Я не был уверен, что мы сможем стать настоящими друзьями, поскольку между нами немалая разница в доходах — у Розендорфа постоянная зарплата, а у меня лишь деньги на карманные расходы. Я никогда не смогу стать другом человека, зарабатывающего больше меня, если только он не наделен истинным душевным благородством. Богачи вызывают у меня тошноту.
Розендорф, как выяснилось, душевным благородством обладает, а к тому же у него ничего нет (он имеет глупость посылать деньги в Германию, чтобы платить за уроки музыки для дочки). Тем не менее он всегда расплачивался за кофе, что мы пили вместе. Мне не забыть смущенной улыбки, появлявшейся при этом на его лице. Он словно просил меня понять: он не виновен в том, что в мире нарушен порядок: исполнитель зарабатывает больше творца. Потому он и обязан платить. Он словно по рассеянности опускал руку в карман за кошельком, зато общий счет хватал проворно.

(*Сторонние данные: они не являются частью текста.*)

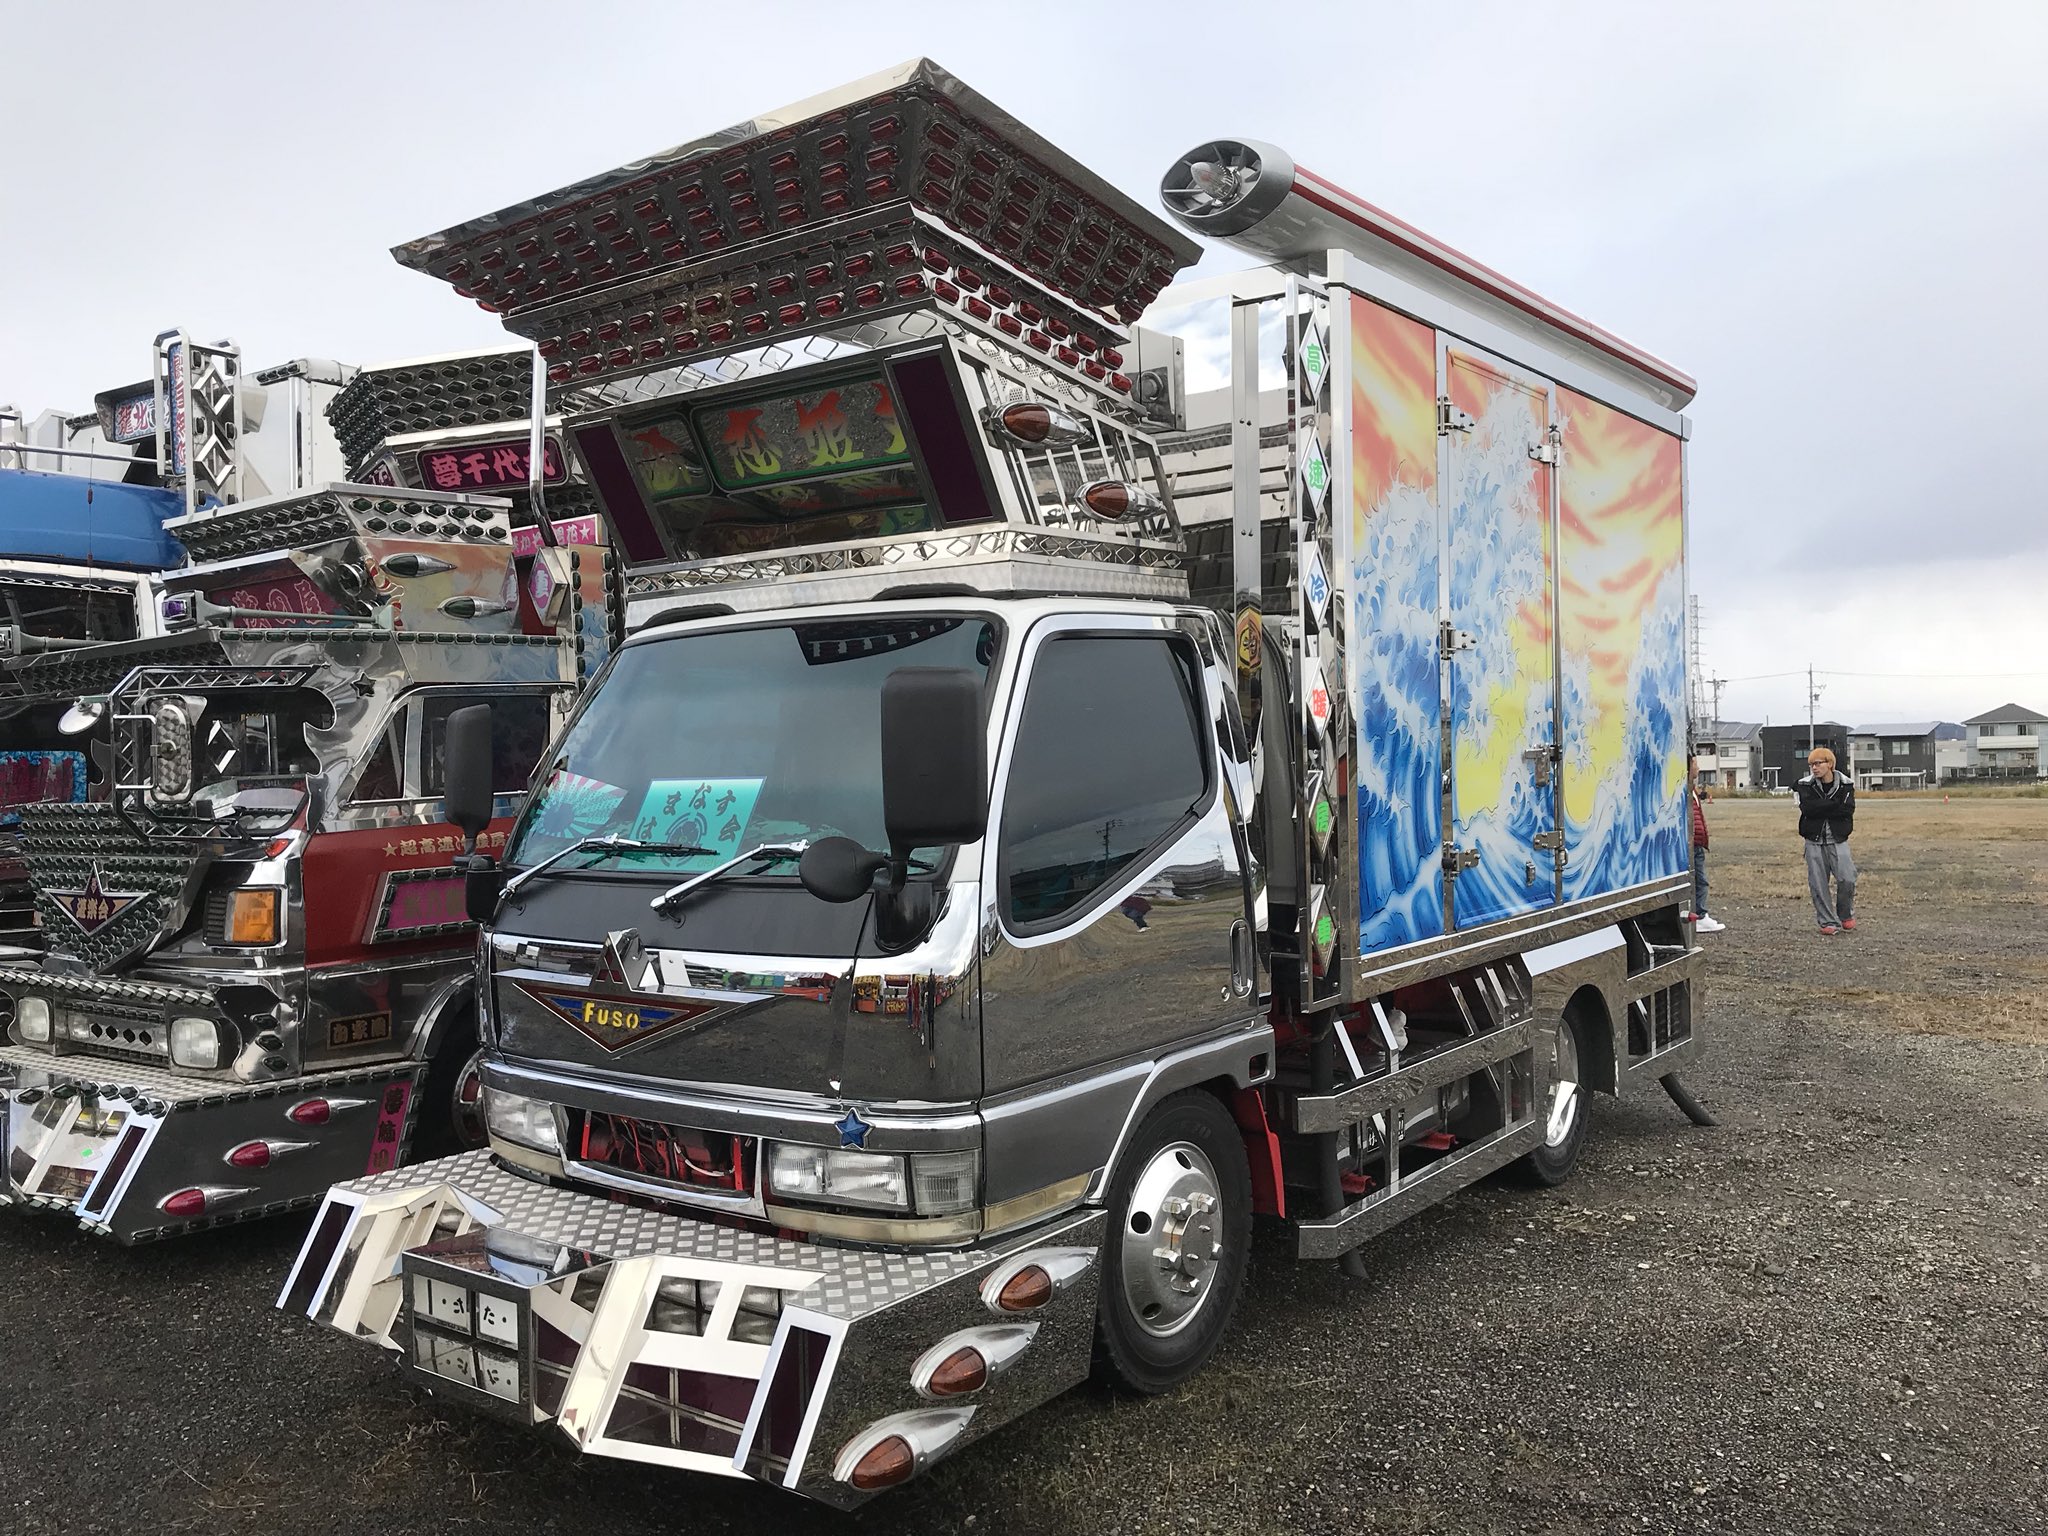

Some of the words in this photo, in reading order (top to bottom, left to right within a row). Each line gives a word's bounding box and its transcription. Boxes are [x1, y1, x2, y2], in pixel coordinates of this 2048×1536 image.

[399, 831, 511, 857] 超高速冷暖房

Он экономил мне также деньги на концерты оркестра — тоненькая ниточка, связывающая меня с Европой. Во времена немоты у меня обострился аппетит на музыку, живущую в вечной тоске по прошлому, измеряемому десятой долей секунды. Музыка для меня — словно теплая ванна, куда я погружаю свое болящее тело. Часами слушал я охрипшие от постоянного проигрывания пластинки в пустом доме X., которая уходила из дому почти на весь день. Я не брезговал даже сентиментальной музыкой, раздававшейся из кафе на берегу моря, куда я от безделья забредал, лишь бы найти музыку в его шепчущей тиши. Понятно поэтому, что я охотно ходил послушать репетиции квартета, хоть и знал, что не услышу там непрерывного исполнения целых частей, а только длинную череду споров о каждой детали.

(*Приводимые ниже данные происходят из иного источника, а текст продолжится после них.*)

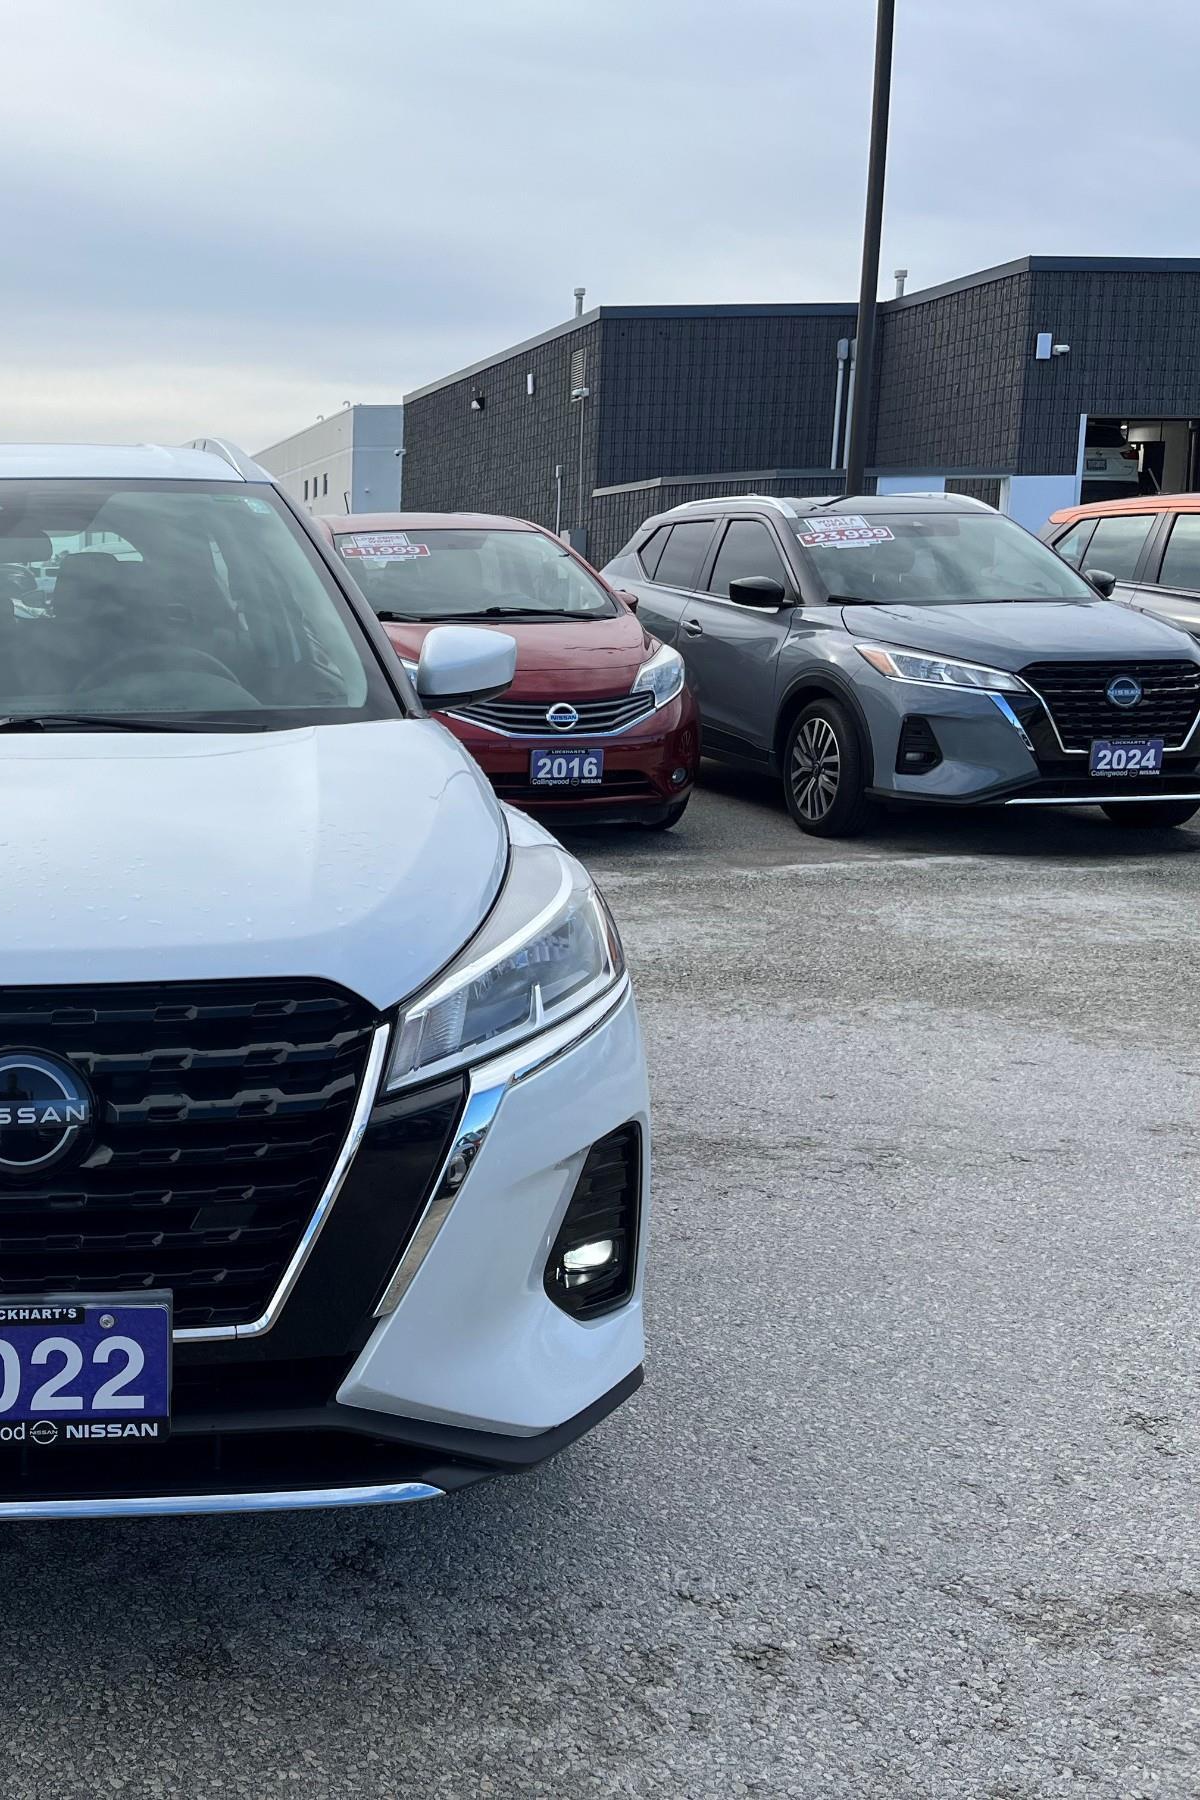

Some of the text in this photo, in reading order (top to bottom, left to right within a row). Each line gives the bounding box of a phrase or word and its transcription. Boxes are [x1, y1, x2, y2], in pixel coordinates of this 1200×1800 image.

[803, 528, 888, 543] $23,999
[346, 546, 420, 555] $11,999
[1096, 748, 1156, 769] 2024
[537, 757, 598, 778] 2016
[532, 778, 570, 786] Collingwood
[66, 1423, 158, 1438] NISSAN

Уже при первой встрече я был очарован эстетически выверенным строением ансамбля. Струнный квартет представляется мне верным выражением добровольного отказа от избытка средств. Музыканты здесь — словно монахи, налагающие на себя все новые строгости устава. Долгие часы слушал я споры между ними и не нашел той закономерности, во имя которой требовали они друг от друга соблюдения якобы нарушенных правил, а лишь томление по порядку и смыслу. Подчиняясь правилам церемониала, они, словно те же монахи, добиваются душевного озарения.
Сначала я хотел написать эссе, трактующее музыку как религиозное переживание. Я нашел здесь иронию истории, некую революцию служителей: музыка, явившаяся, чтобы обслуживать религию, победила свою госпожу и унаследовала ее трон. Неизвестный органист изгнал из храма священнослужителя, а музыка Баха заняла место Святого духа. Однако после того, как я поближе познакомился с действующими лицами, я снова стал носиться с идеей романа в надежде, что он сумеет верно передать напряжение между свободой и порабощением в жизни тех, кто добровольно повинуются строгому уставу.

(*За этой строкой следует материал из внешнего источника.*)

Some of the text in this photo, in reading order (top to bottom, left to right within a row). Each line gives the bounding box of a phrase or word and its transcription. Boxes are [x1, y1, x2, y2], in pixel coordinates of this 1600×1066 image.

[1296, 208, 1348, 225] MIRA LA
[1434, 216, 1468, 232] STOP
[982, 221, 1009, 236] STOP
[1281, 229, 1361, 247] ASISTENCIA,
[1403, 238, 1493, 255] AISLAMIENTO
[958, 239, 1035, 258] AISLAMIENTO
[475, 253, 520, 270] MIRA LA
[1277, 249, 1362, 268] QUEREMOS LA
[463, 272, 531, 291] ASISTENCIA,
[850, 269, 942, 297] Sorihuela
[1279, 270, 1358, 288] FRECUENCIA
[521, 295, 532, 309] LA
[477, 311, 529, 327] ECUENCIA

Я старался избавиться от предрассудков писателя, завидующего музыканту-исполнителю. По сути дела, у последнего осталась лишь крайне суженная область свободы — определить темп и динамику, да и те — лишь если они не указаны с предельной четкостью композитором и лишь настолько, насколько позволяют товарищи по ансамблю. Порой кажется, что музыкант всего только птица, которая сидит на телеграфных проводах, ощущая тонкими ножками проходящий по ним неясный гул. Итак, я с легкостью отказался от высокомерного превосходства сочинителя над исполнителем (что, дескать, знают они про радость победы, осеняющую автора, просидевшего день напролет над страницей филигранной прозы?), — да и чем была моя жизнь, пока я не наткнулся на них, сделав из них черновик для своего романа? Утром я ожидал ужина, а ночью ворочался в постели, стараясь приблизить восход солнца. Жизнь моя была ожиданием неожиданности — то ли весточки издалека, то ли неведомой любви, то ли успокаивающих результатов анализа мочи. В те минуты, когда мне удавалось избавиться от себя, я завидовал душевному спокойствию тех, кто, поставив перед собою отдаленные цели, — скажем, Избавление еврейского народа или построение социализма, — могут вечером ложиться в постель счастливые: все мелкие дела, какими они занимались, наряду с печальной необходимостью зарабатывать на жизнь, приближают их к вожделенной цели.
Тем временем и я немало узнал, даже язык обогатился сравнениями из области музыки. Иногда мне было жалко, что я не художник. Мне хотелось запечатлеть картину, представлявшуюся моим глазам: четыре фигуры в совместном усилии отозваться. Столь разные, они стараются играть как один человек. Даже в манере игры заметны их отличия. Розендорф играет с печальной безысходностью, Фридман гневно, Штаубенфельд с враждебным смирением, а Литовский — как любовник, ищущий на теле возлюбленной чувствительные точки.